O PRIMEIRO PASSO:
Entrou pela porta e falou logo que queria me namorar, assim, sem pedir licença, de forma sistemática, propagandista e polemista. O cuidado veio depois, quando perguntou a essência do incenso e pediu cores, todas elas.A combinação era Amélie Poulain, verde e vermelho, dei o que pude.Por ter convívio livre com os fenómenos ópticos provocados pela ação dos feixes de luz (as Artes Visuais), começou lentamente a pintar-me. Escolhi branco. Branco de fita de amarrar em pulsos.

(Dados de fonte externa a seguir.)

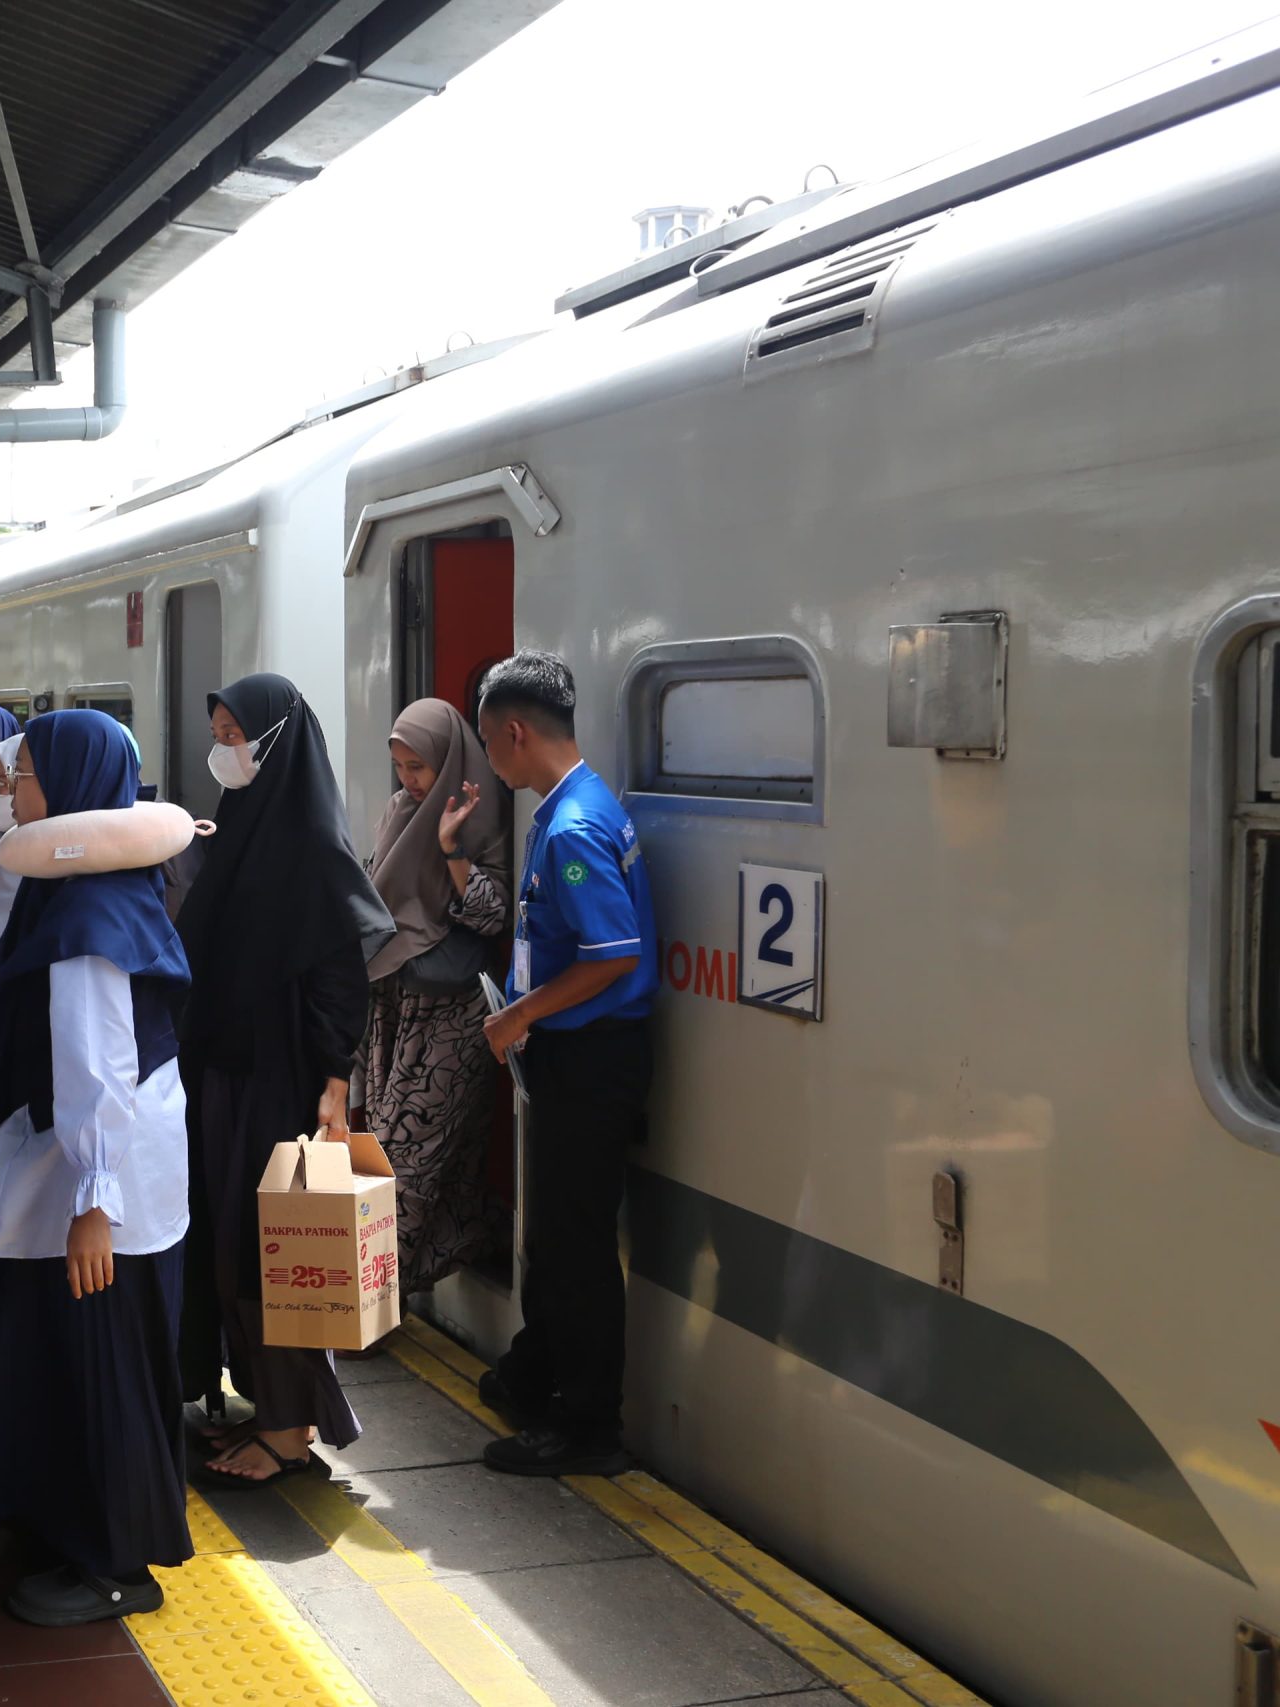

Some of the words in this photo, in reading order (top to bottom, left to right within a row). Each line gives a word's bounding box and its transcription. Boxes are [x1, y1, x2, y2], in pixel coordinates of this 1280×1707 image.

Reformista, queria mudar-me mas não queria mudar-se e eu pedia consolo e dizia não suportar por muito tempo números, ou bites. Do outro segmento poligonal, imensos significados comuns surgiam e já era sentido ciúmes de vento, de passeios, de farmácias e do cotidiano assíduo que eu não tinha.
Comecei a ser fixo no século em que a liberdade foi proclamada e a ilustrar com profundidade espacial os primeiros planos que tinha visto na vida, fiz gotas de uma cor que ainda não tinha existência, uma pérola imperfeita. Estava nas paletas de aquarelas barrocas e nas casas de tinta, mas ali, ainda mal se sabia que amarelo eram os submarinos.Quando teve mesmo de conjugar o tempo do verbo de permanência… eu fiquei, e fico, e volto de novo, e viro o avesso, e tiro o pó, e pulo de ponta, e sacudo o farelo, e acumulo mais poeira.
A alegria que vira abóbora à meia-noite – quando o monitor da sala onde o mundo e a mãe brotam em estruturas de vidro e caixas pretas com ratos – se disfarça de pessimismo otimista por falta de razões e crenças, e antes de dormir até pensa em se chamar Voltaire, tocar violino em sacadas e colocar a cabeça entre ombro e o pescoço querendo achar um lugar confortável.